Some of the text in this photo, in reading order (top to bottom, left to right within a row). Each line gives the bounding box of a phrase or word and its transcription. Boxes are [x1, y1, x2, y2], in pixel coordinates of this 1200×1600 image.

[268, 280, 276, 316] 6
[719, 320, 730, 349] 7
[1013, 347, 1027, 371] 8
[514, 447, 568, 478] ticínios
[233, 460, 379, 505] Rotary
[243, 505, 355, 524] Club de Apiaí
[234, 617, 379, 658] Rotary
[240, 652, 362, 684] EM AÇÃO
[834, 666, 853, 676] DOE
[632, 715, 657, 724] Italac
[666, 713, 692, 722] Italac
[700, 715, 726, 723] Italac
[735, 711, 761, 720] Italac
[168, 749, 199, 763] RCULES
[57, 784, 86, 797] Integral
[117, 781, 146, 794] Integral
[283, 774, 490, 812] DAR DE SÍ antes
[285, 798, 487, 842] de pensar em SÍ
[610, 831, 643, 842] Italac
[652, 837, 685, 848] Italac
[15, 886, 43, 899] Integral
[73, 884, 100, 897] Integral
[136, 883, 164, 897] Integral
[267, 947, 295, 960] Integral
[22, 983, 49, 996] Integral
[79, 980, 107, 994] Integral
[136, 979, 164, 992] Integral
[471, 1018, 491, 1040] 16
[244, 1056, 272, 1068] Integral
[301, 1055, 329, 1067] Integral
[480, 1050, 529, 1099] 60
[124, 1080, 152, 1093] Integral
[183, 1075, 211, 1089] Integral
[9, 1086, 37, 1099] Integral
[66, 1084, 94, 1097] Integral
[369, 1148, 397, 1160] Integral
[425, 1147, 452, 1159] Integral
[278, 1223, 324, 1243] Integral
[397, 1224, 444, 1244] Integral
§ §
• Description of the task:
Set down the full listing a second time, exactly as given.

• Output:
Some of the text in this photo, in reading order (top to bottom, left to right within a row). Each line gives the bounding box of a phrase or word and its transcription. Boxes are [x1, y1, x2, y2], in pixel coordinates of this 1200×1600 image.

[268, 280, 276, 316] 6
[719, 320, 730, 349] 7
[1013, 347, 1027, 371] 8
[514, 447, 568, 478] ticínios
[233, 460, 379, 505] Rotary
[243, 505, 355, 524] Club de Apiaí
[234, 617, 379, 658] Rotary
[240, 652, 362, 684] EM AÇÃO
[834, 666, 853, 676] DOE
[632, 715, 657, 724] Italac
[666, 713, 692, 722] Italac
[700, 715, 726, 723] Italac
[735, 711, 761, 720] Italac
[168, 749, 199, 763] RCULES
[57, 784, 86, 797] Integral
[117, 781, 146, 794] Integral
[283, 774, 490, 812] DAR DE SÍ antes
[285, 798, 487, 842] de pensar em SÍ
[610, 831, 643, 842] Italac
[652, 837, 685, 848] Italac
[15, 886, 43, 899] Integral
[73, 884, 100, 897] Integral
[136, 883, 164, 897] Integral
[267, 947, 295, 960] Integral
[22, 983, 49, 996] Integral
[79, 980, 107, 994] Integral
[136, 979, 164, 992] Integral
[471, 1018, 491, 1040] 16
[244, 1056, 272, 1068] Integral
[301, 1055, 329, 1067] Integral
[480, 1050, 529, 1099] 60
[124, 1080, 152, 1093] Integral
[183, 1075, 211, 1089] Integral
[9, 1086, 37, 1099] Integral
[66, 1084, 94, 1097] Integral
[369, 1148, 397, 1160] Integral
[425, 1147, 452, 1159] Integral
[278, 1223, 324, 1243] Integral
[397, 1224, 444, 1244] Integral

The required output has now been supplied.